Five random strangers are introduced to us, in what might misleadingly seem like an anthology of sorts. With almost nothing in common except their native tongue, a digital blackmailer threatens to disclose all of their private details if they refuse to join a scheduled video conference. What binds these seemingly unrelated individuals to one another? What’s the common denominator? The unravelling of that mystery remains the central focus of this 18:46 minutes long film.
Too many films involving an ensemble cast fail at balancing the character dynamics and screen time. Oftentimes, characters are introduced only to push the narrative from the lead’s perspective. The genius of Oru Naal, Oru Aal is that all of them play the lead — surprise, surprise, even the unseen character is a lead. By bringing all the five actors together into a grid while keeping the blackmailer’s identity a secret, what the director-writer (Praveen) manages to achieve is to sustain the build-up and subsequent tension. It’s a puzzle that he invites us to solve, along with the characters, while not letting them break the fourth wall, even though they have all the reasons to do it. The plotline not only heightens its thrill by the second half, but also peaks with well-choreographed face-offs. As the characters begin to solve the mystery, the identity and intent of the caller still kept a secret, we realise that we too are, unwittingly, a witness to this whodunit.

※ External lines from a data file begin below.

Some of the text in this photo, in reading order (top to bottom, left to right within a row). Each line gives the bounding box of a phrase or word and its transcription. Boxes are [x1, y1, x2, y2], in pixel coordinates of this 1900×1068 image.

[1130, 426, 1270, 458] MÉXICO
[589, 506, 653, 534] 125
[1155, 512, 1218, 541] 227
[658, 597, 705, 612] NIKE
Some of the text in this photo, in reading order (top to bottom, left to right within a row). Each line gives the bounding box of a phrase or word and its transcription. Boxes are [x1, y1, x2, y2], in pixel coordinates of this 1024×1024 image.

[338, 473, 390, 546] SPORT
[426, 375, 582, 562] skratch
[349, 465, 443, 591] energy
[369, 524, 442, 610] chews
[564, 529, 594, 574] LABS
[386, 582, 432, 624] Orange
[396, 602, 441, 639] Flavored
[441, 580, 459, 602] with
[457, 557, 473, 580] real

Cinematographer Joyal Zacharia has very limited options to exercise, and yet he frames the scenes in a neatly edited (RDS Prasanth) sequence. The screen breaks into colour (or lack thereof), alternating between grainy textures and undiluted shades offering the narrative its fillip. Abubakkar M.’s music really gets the pulse of the film, initially misleading one into believing Oru Naal, Oru Aal, to be a comedy, which it isn’t — although it does have its moments of laughter, but at best, avoidable. The film has the potential for being an excellent thriller right from its opening shot.

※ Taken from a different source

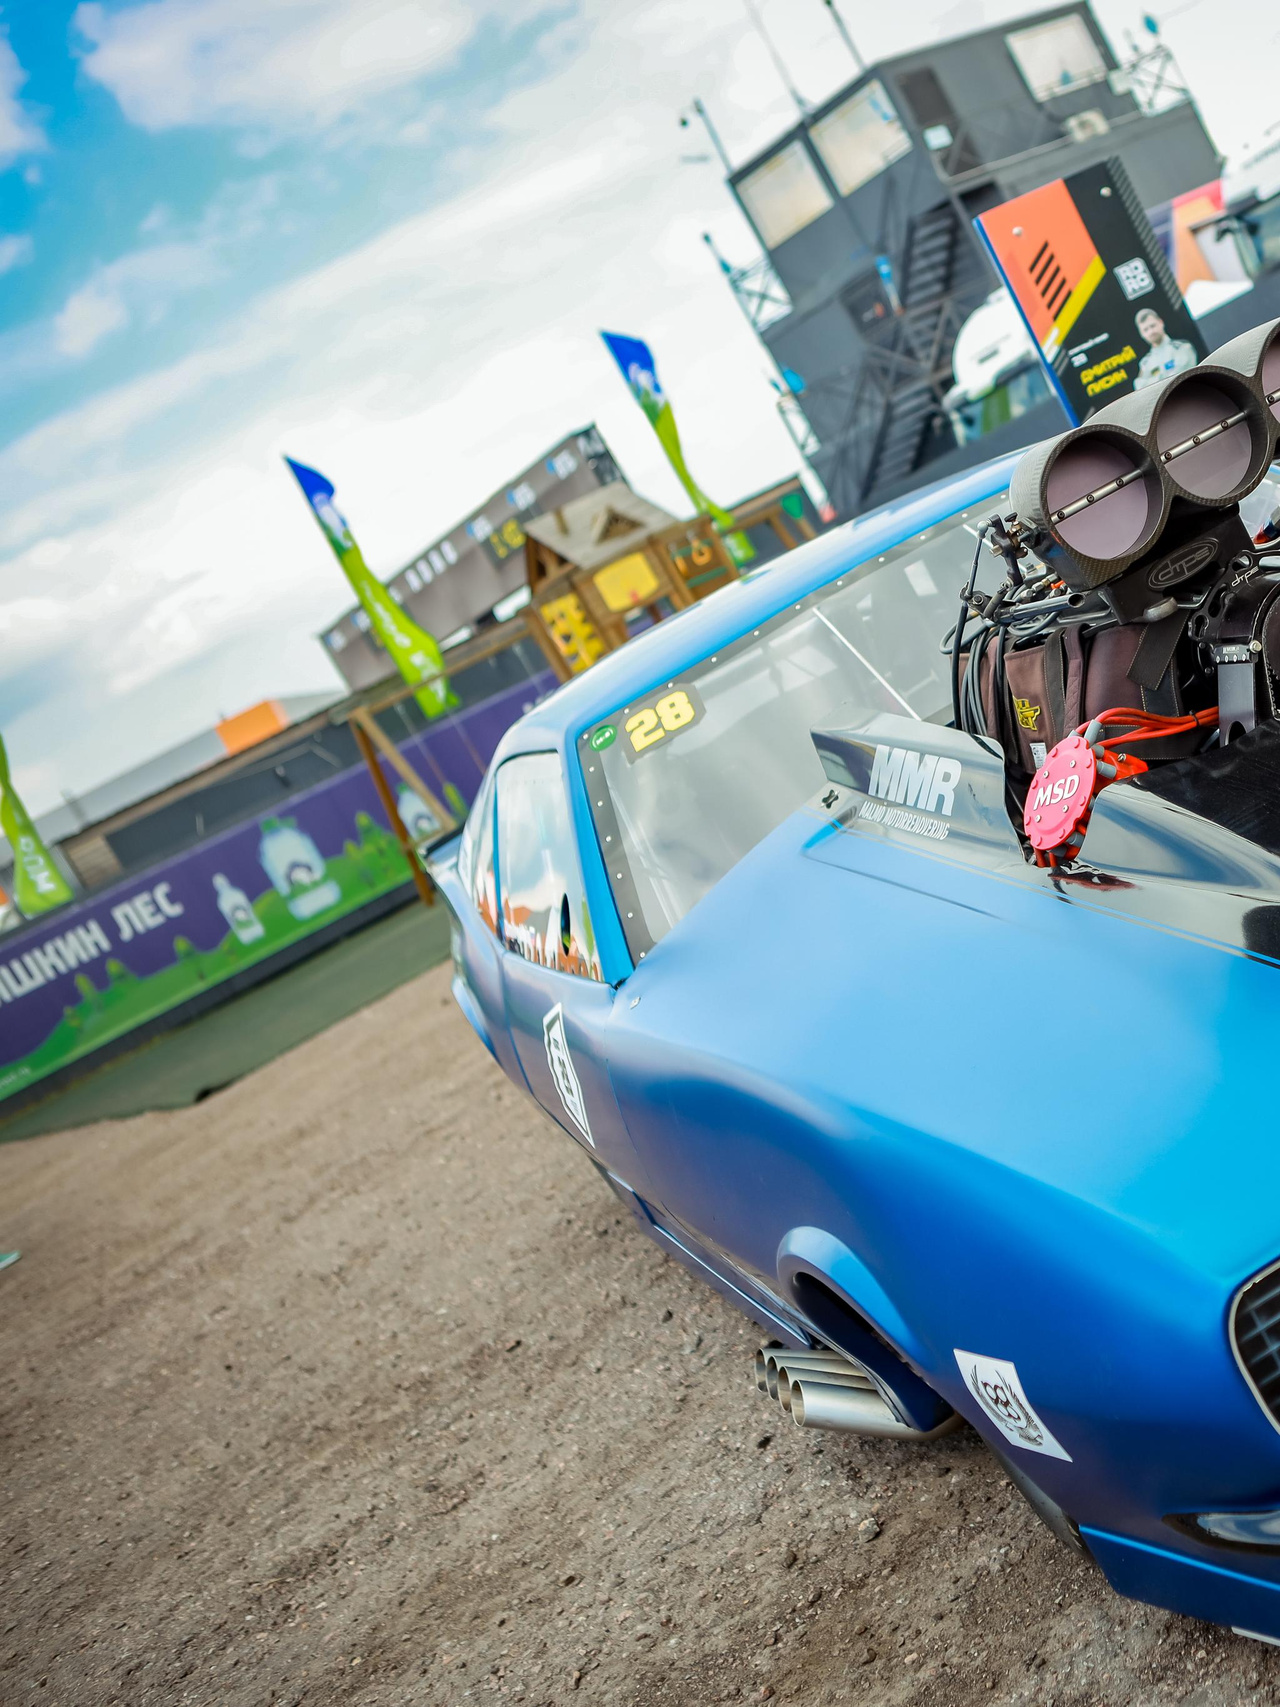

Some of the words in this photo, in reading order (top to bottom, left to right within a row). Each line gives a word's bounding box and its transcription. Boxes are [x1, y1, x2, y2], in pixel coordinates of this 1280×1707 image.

Oru Naal, Oru Aal was filmed during the lockdown in India. Considering the final product, all the way from its conceptualization to post-production, it has certainly managed to hit the right notes. Reserving the spoilers, what can be disclosed is that Oru Naal, Oru Aal is the success story of Praveen. To have provided a watertight script to his actors only made matters easier for the cast to bring to the screen a thoroughly enjoyable thriller.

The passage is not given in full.